When he heaves back alive, the floor is dyed red with blood and men. Yusuf is wiping down the blades with the coat of one of the men who strung Sebastien up by the neck, and Andromache grins at him – blood splattered and sharp teethed and alive. “Welcome back, asshole”, she says.

“We are warriors”, says Quynh, in the echo of his dream. “Now wake up.”

Sebastien buries a new love every spring, as the ground has barely thawed and the world has barely awoken, sluggish and stiff and quiet, and Andromache’s frown deepens with each grave he digs. Sebastien makes a new batch of francs, cramped into a corner of a safehouse with barely enough space for them all to lie down. Yusuf lies curled around Nicolo, his face buried in his neck, their breathing in sync like the way they fight; something effortless and trusting.

In the kitchen, Andromache downs an entire bottle of vodka. Quynh screams.

Jean-Pierre dies last. Jean-Pierre dies cursing and tear drowned and with hate choking him, all the coins Sebastien has ever carved for him scattered across the floor; a heaving, blood-tinted thing. Centuries later, hidden in a cave and faced with a woman as new as thawing spring, Sebastien will look at her and offer her this, his memory, as if Jean-Pierre’s cancer had eaten away at his own lungs, too.

Quynh dies and lives with every glass, every bottle, every weapon that lies trembling in Sebastien’s hands. “Tell them”, she says, and Sebastien finds a paint brush just like Yusuf’s on a market. He doesn’t barter for it.

Sometimes, when Nicolo and Yusuf move as one, when Andromache’s labrys is like a holy thing, Sebastien can barely hold onto his gun, always behind her; his shoulders strained and aching. He shoots and the bullet hits where it is meant to for the first time when he is just over a century old. There are replicas of all their weapons in a basement in Marseille that none of them have ever entered – the curve of Yusuf’s scimitar, the line of Nicolo’s longsword, the intricacy of Andromache’s labrys.

In his dreams, Quynh describes her archery to him. It takes him fifty years to replicate her bow, and another twenty for her arrows. “When this coffin has rotted around me”, she says in between her deaths one night, her mouth a determined line muddled by salt water, “I will use these arrows.”

Sebastien forges new passports for all of them.

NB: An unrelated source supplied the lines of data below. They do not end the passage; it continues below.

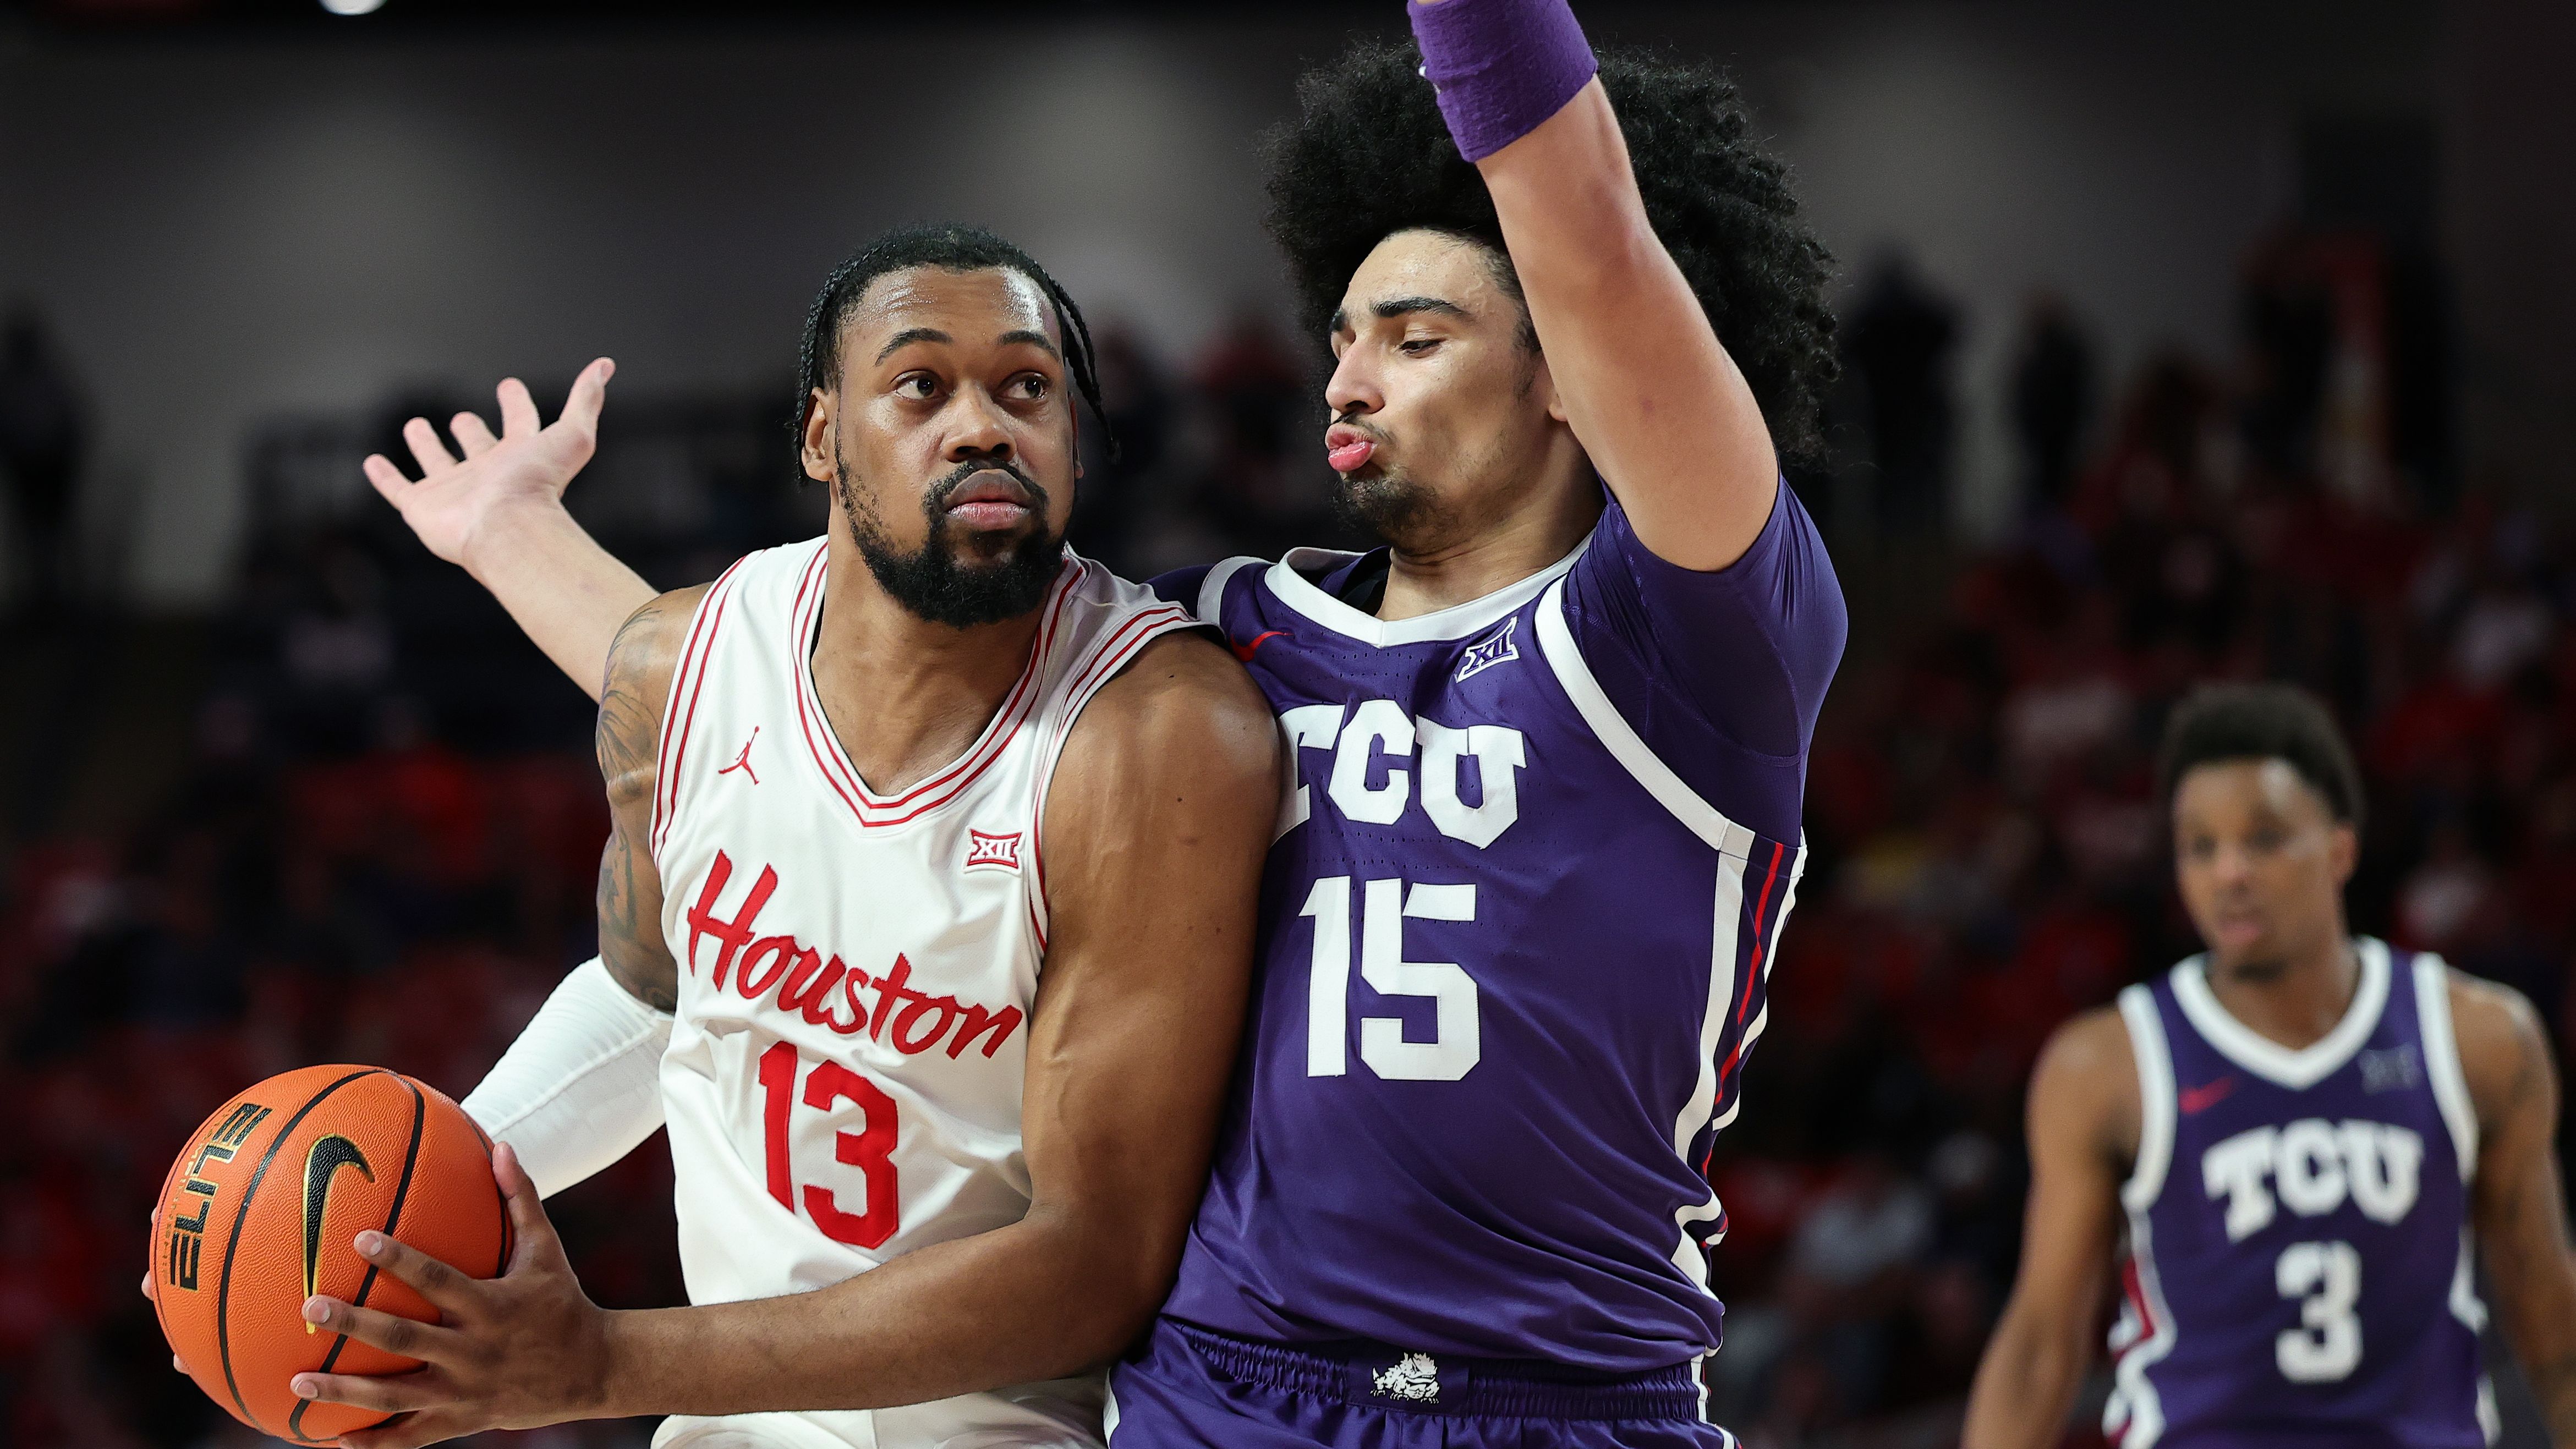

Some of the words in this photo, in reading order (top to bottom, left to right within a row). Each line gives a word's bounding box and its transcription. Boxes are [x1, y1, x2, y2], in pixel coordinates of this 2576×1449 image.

[1461, 622, 1515, 677] XII
[968, 833, 1020, 865] XII
[686, 849, 1022, 1060] Houston
[1298, 875, 1481, 1081] 15
[169, 1102, 273, 1291] ELITE
[759, 1040, 900, 1250] 13
[2202, 1117, 2424, 1243] TCU
[2276, 1241, 2363, 1383] 3

“We are warriors”, says Andromache under a starry night sky stretched out above her. “You are one of us.”

Sebastien tilts his head back. The sky above them is a dark, glittering thing, and if he tilts his head just right, he can see the constellations of Andromache’s childhood; shifted and warped. If he tried, he could make a map of them and the way they wrap around the earth. “I cannot die”, he says quietly. “Does that make me a warrior?”

Andromache looks at him, her eyes a storm.

When Yusuf looks at him with a smile that crinkles the corners of his eyes, Sebastien feels like a note held up into the light, half transparent, half pressed into shape. He wonders how long it will be until they notice that the light doesn’t fall through him quite right.

How long does it take to recognise a counterfeit note, and its poisoned edges?